• **Requirement**: From the data below, repeat everything exactly except the images.

__________

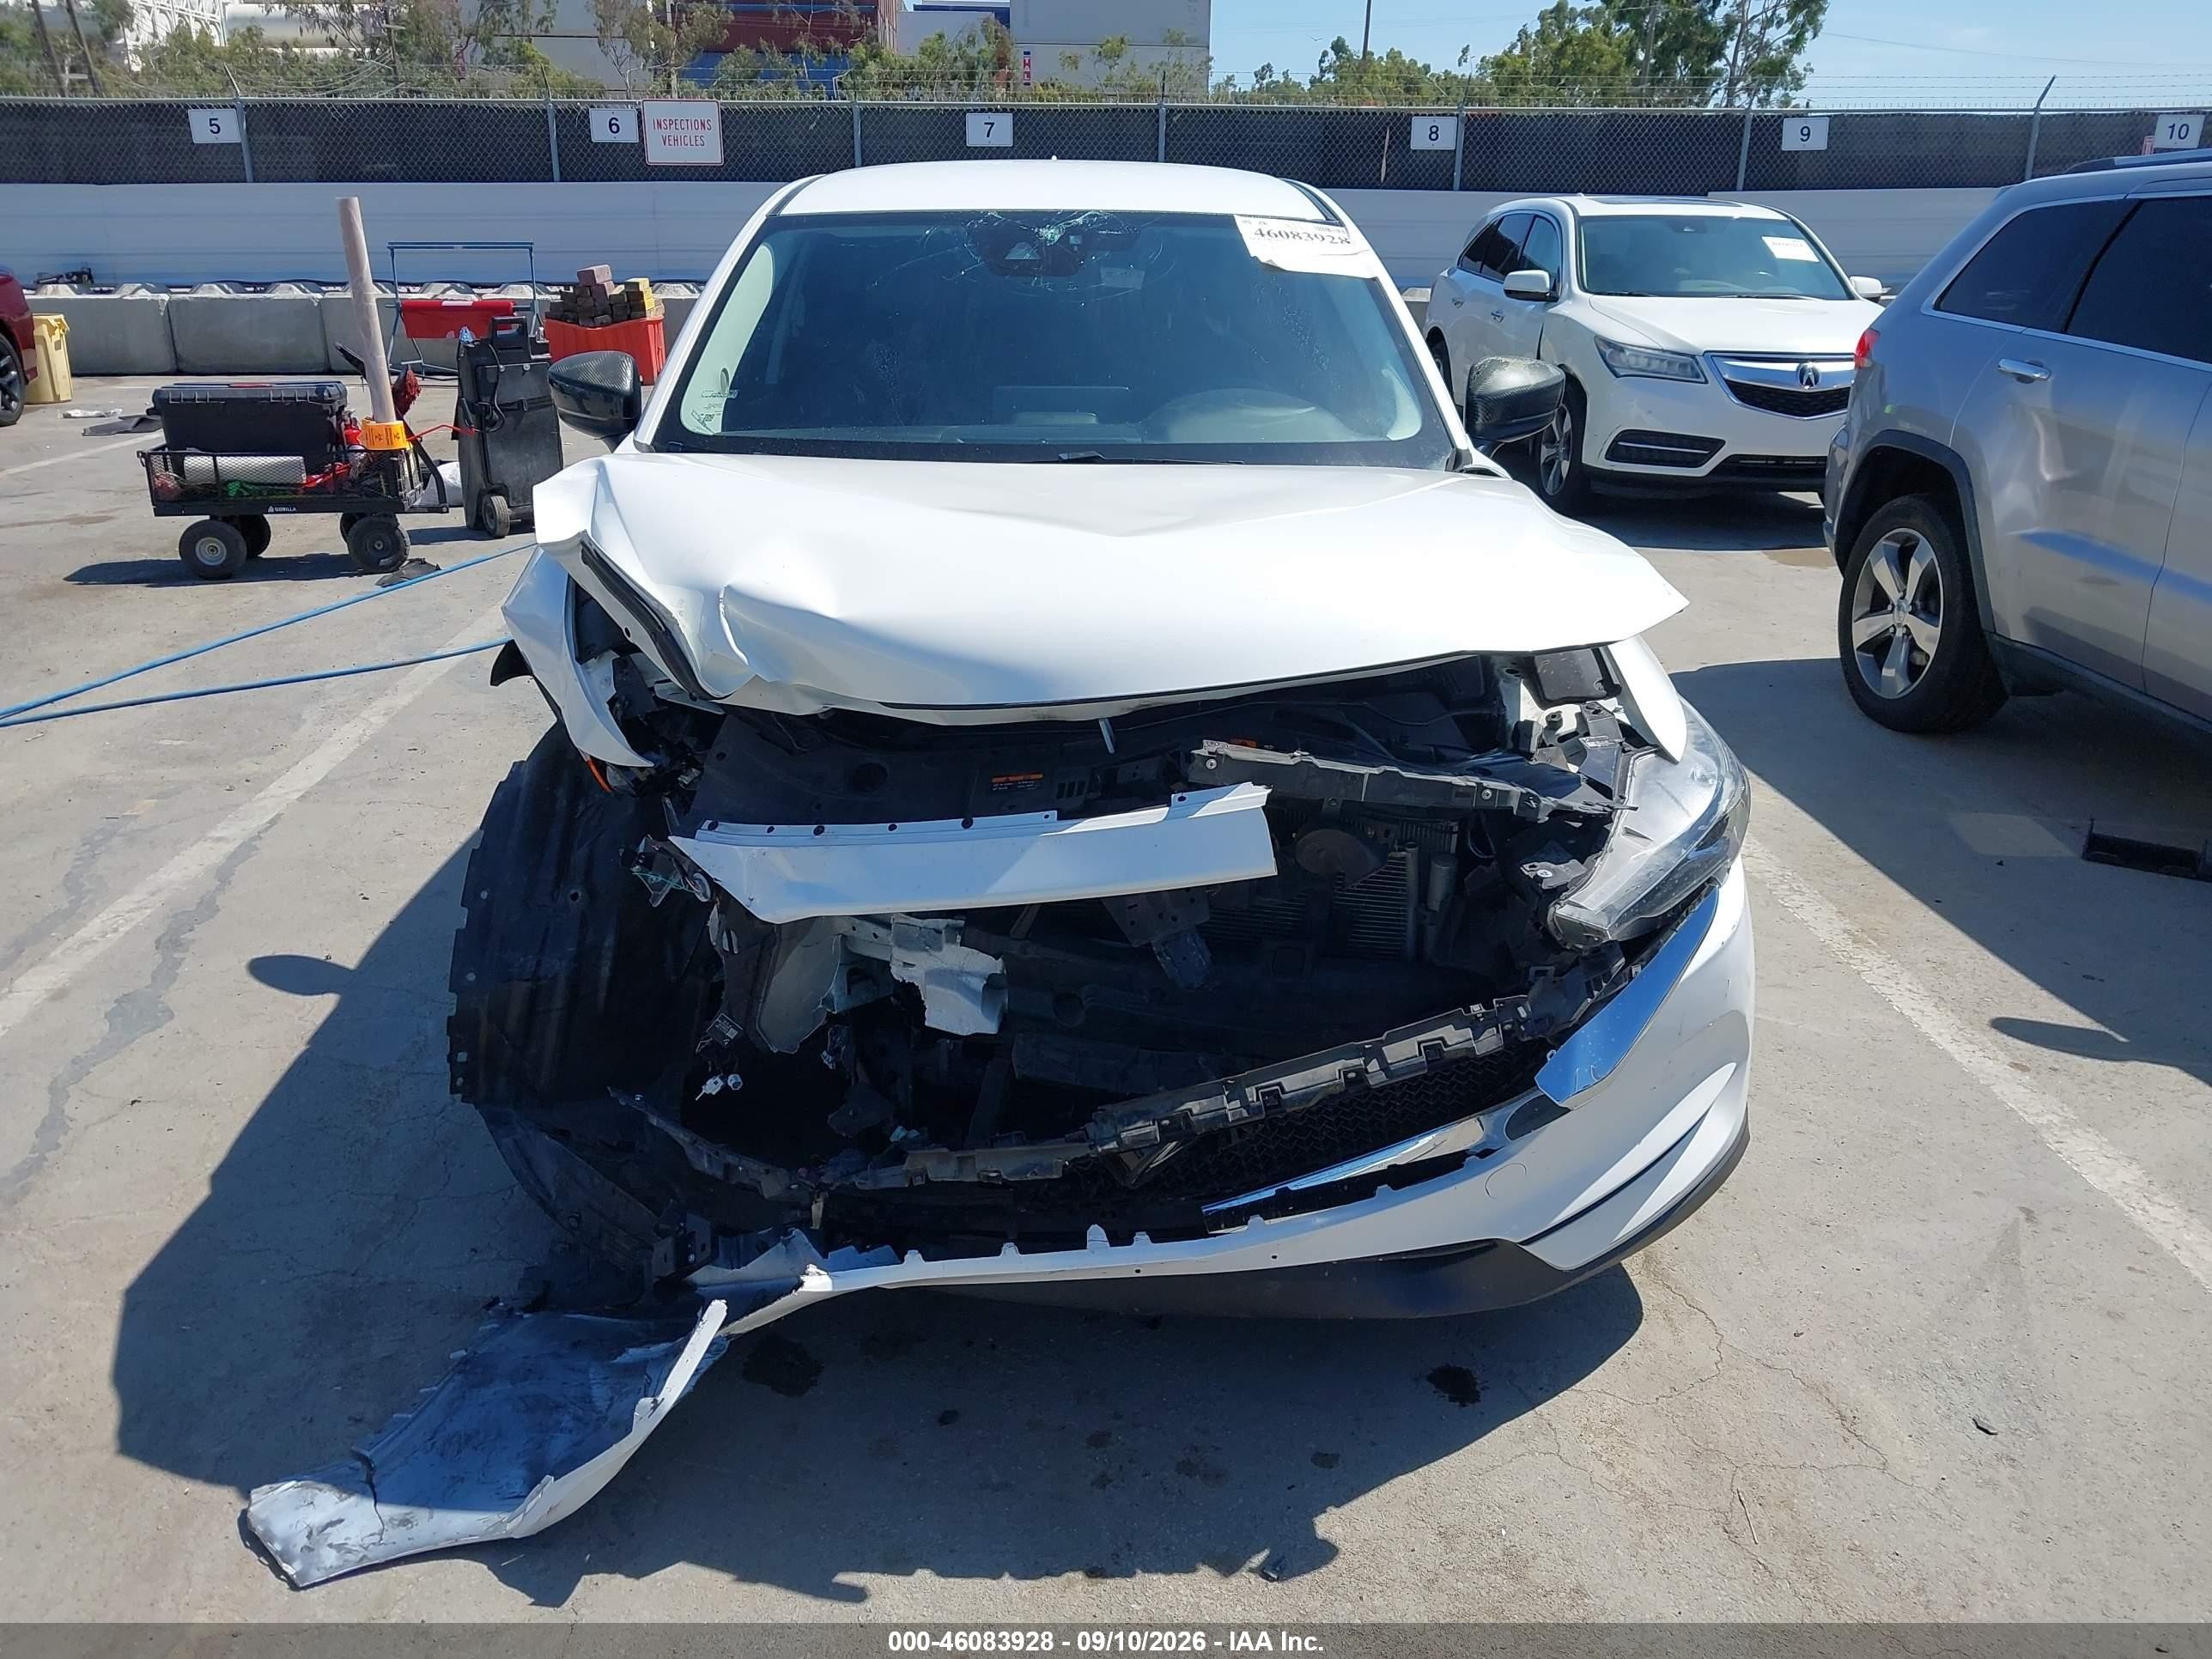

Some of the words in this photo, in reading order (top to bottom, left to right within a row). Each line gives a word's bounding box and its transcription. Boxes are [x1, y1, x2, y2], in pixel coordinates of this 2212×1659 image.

[1023, 57, 1031, 80] TAL
[209, 118, 221, 135] 5
[608, 117, 620, 134] 6
[653, 118, 712, 131] INSPECTIONS
[983, 122, 995, 138] 7
[2167, 123, 2190, 140] 10
[661, 135, 705, 147] VEHICLES
[1428, 125, 1439, 142] 8
[1799, 125, 1811, 143] 9
[1254, 228, 1351, 245] 46083928
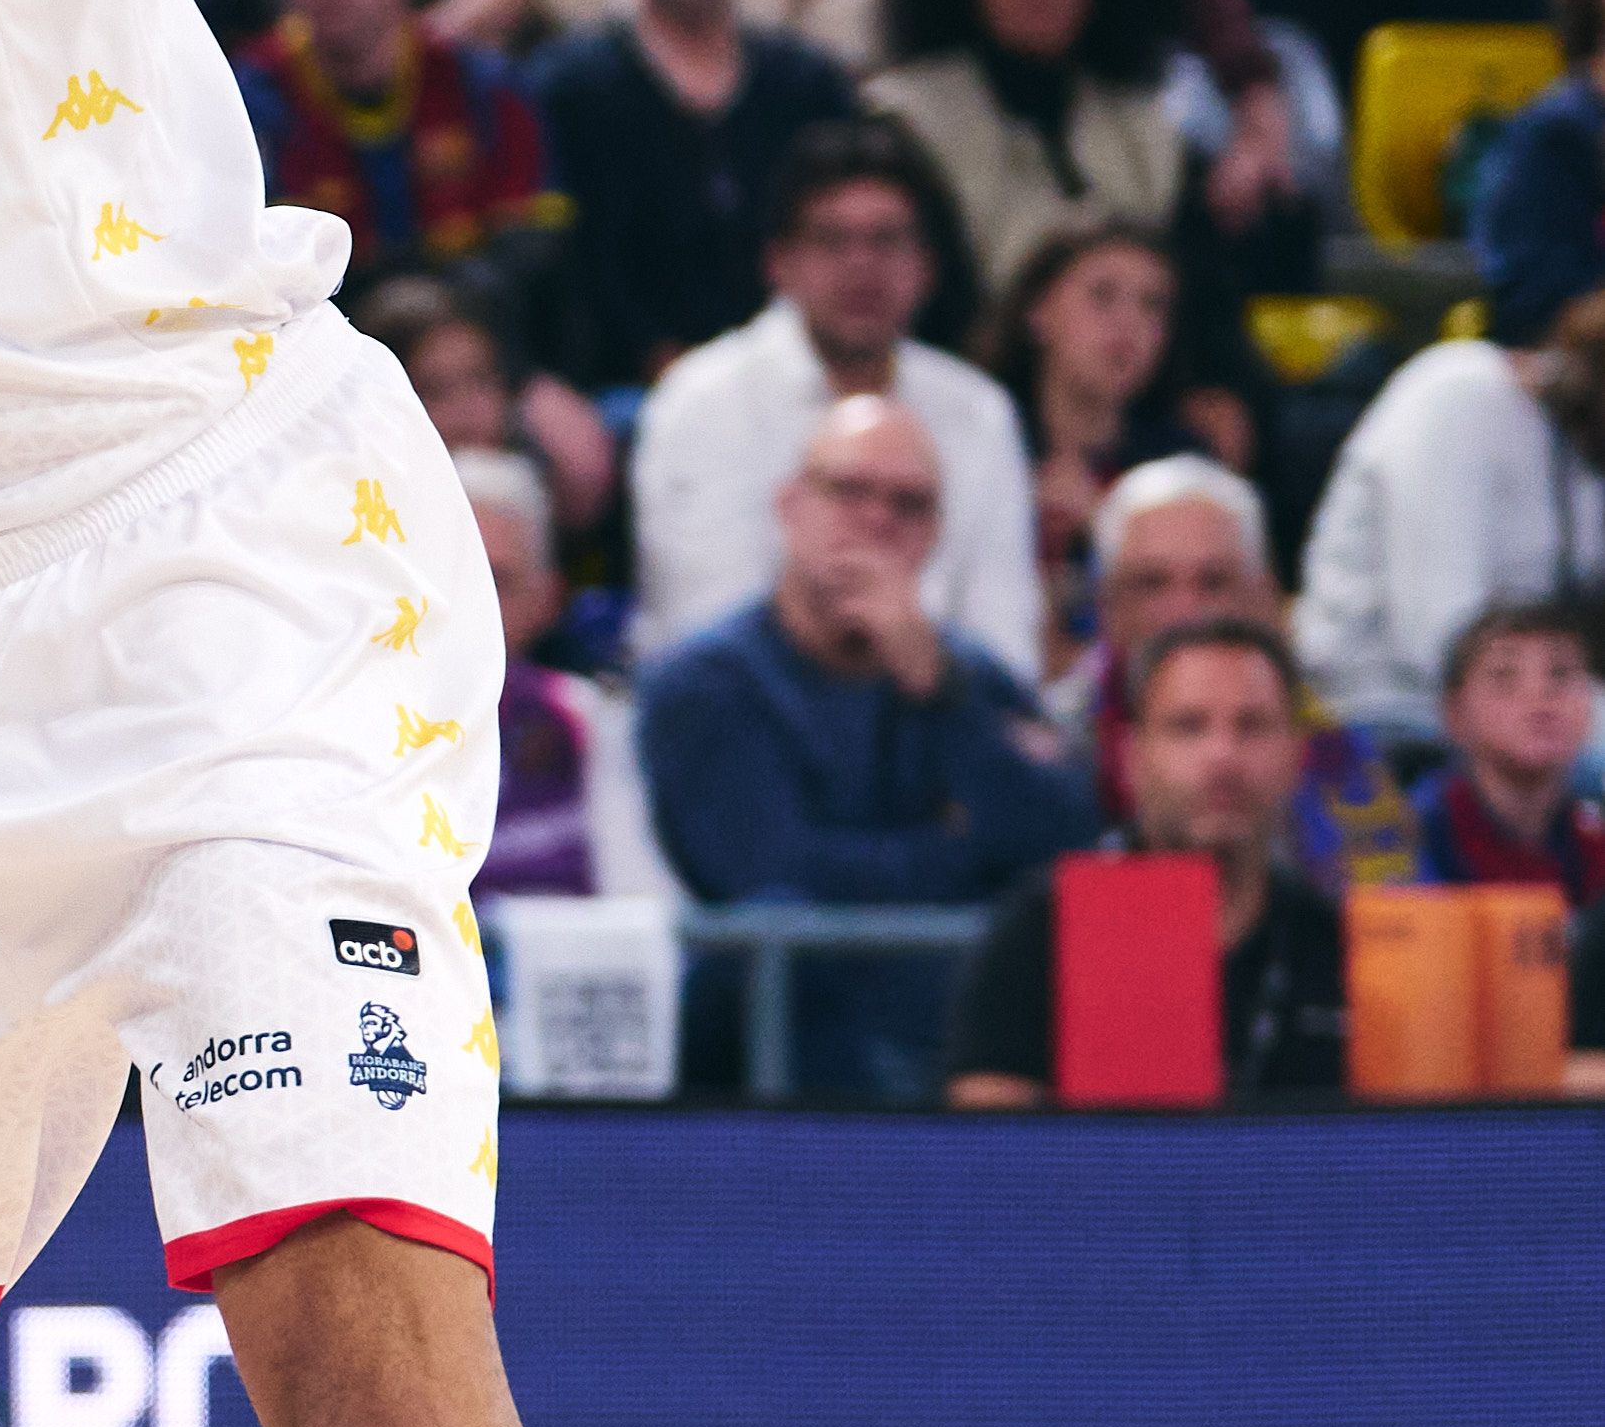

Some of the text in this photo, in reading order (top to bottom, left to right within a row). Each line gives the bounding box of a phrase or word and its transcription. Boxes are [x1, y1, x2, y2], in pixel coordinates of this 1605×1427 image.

[339, 939, 403, 969] acb
[182, 1030, 292, 1083] andorra
[351, 1054, 426, 1072] MORABANC
[174, 1066, 303, 1112] telecom
[351, 1067, 426, 1093] ANDORRA
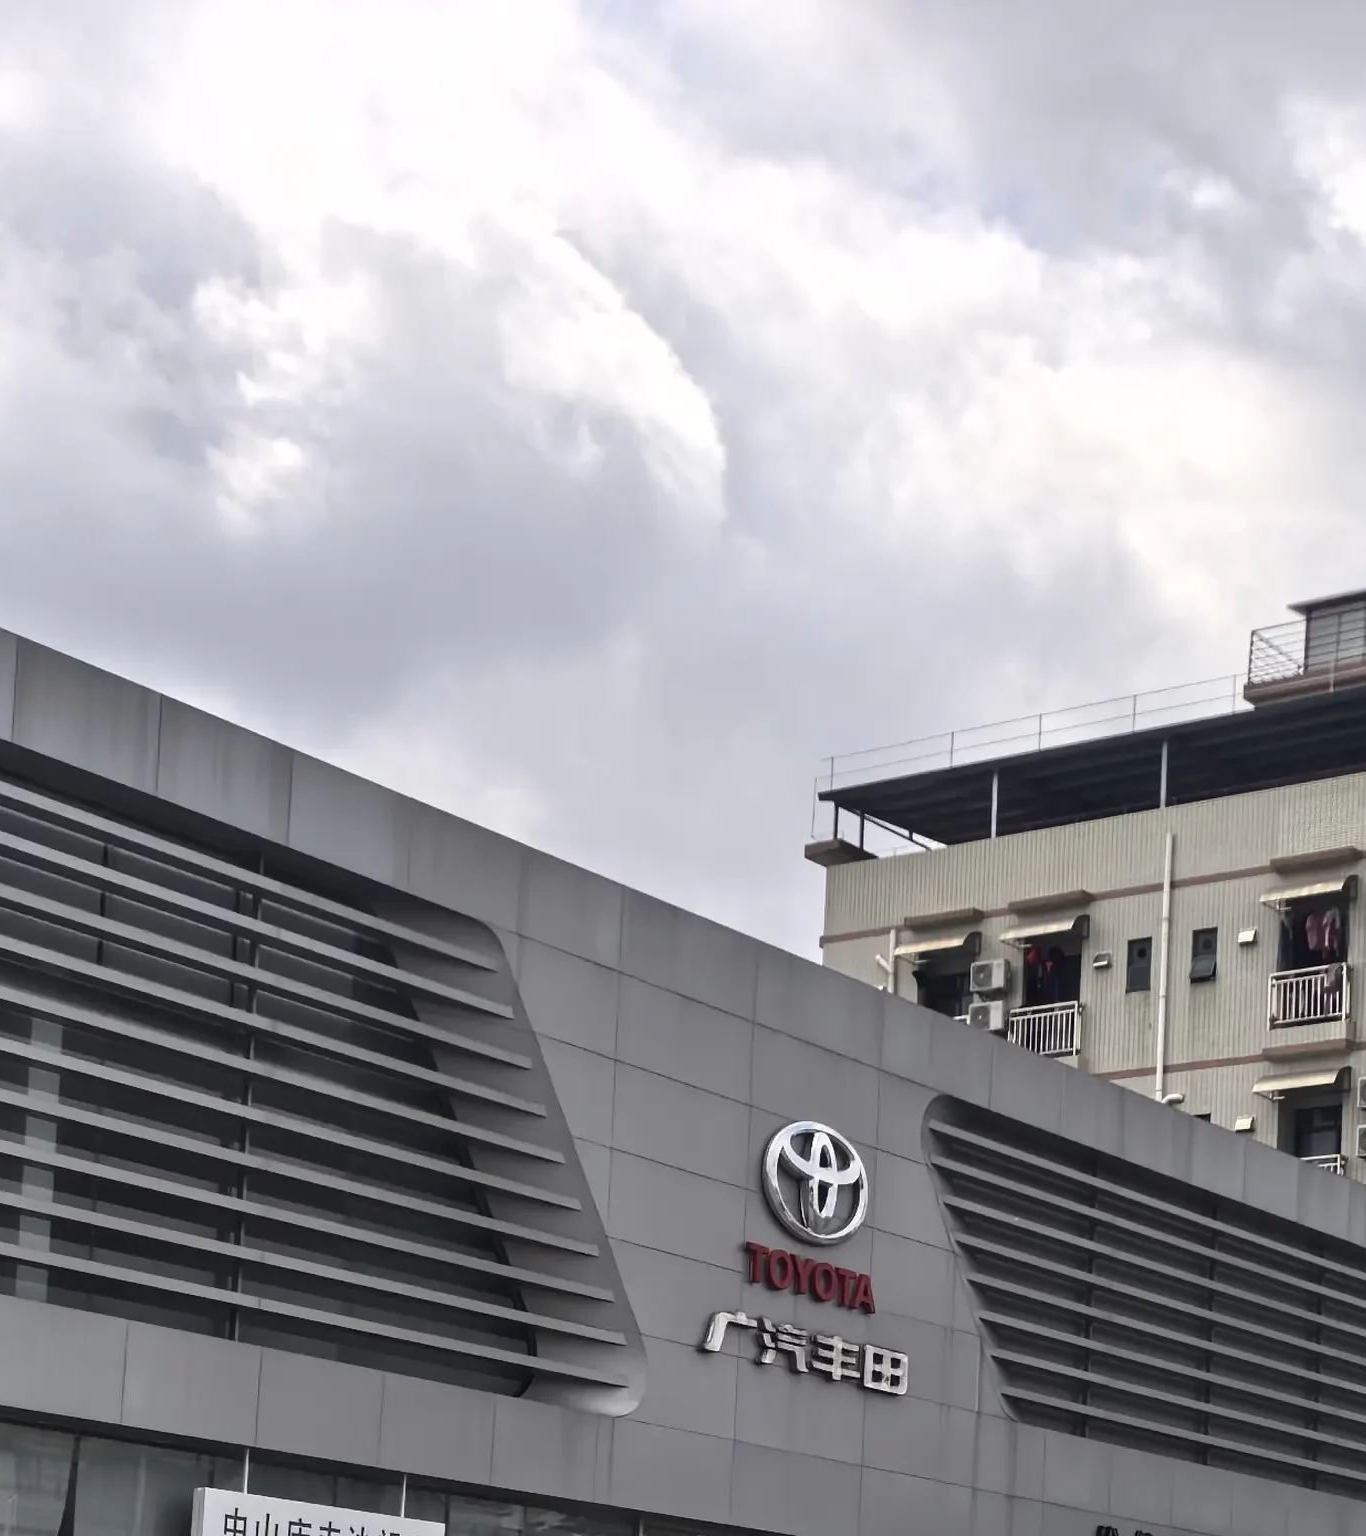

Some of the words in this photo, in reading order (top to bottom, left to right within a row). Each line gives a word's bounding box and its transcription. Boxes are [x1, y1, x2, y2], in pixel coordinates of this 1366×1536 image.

[746, 1241, 876, 1314] TOYOTA
[698, 1310, 909, 1395] 广汽丰田

__________

• **Solution to this task**:
Some of the words in this photo, in reading order (top to bottom, left to right within a row). Each line gives a word's bounding box and its transcription. Boxes are [x1, y1, x2, y2], in pixel coordinates of this 2212×1659 image.

[1023, 57, 1031, 80] TAL
[209, 118, 221, 135] 5
[608, 117, 620, 134] 6
[653, 118, 712, 131] INSPECTIONS
[983, 122, 995, 138] 7
[2167, 123, 2190, 140] 10
[661, 135, 705, 147] VEHICLES
[1428, 125, 1439, 142] 8
[1799, 125, 1811, 143] 9
[1254, 228, 1351, 245] 46083928

Some of the text in this photo, in reading order (top to bottom, left to right within a row). Each line gives the bounding box of a phrase or word and its transcription. Boxes are [x1, y1, x2, y2], in pixel coordinates of this 1605×1427 image.

[339, 939, 403, 969] acb
[182, 1030, 292, 1083] andorra
[351, 1054, 426, 1072] MORABANC
[174, 1066, 303, 1112] telecom
[351, 1067, 426, 1093] ANDORRA

Some of the words in this photo, in reading order (top to bottom, left to right within a row). Each line gives a word's bounding box and its transcription. Boxes are [x1, y1, x2, y2], in pixel coordinates of this 1366×1536 image.

[746, 1241, 876, 1314] TOYOTA
[698, 1310, 909, 1395] 广汽丰田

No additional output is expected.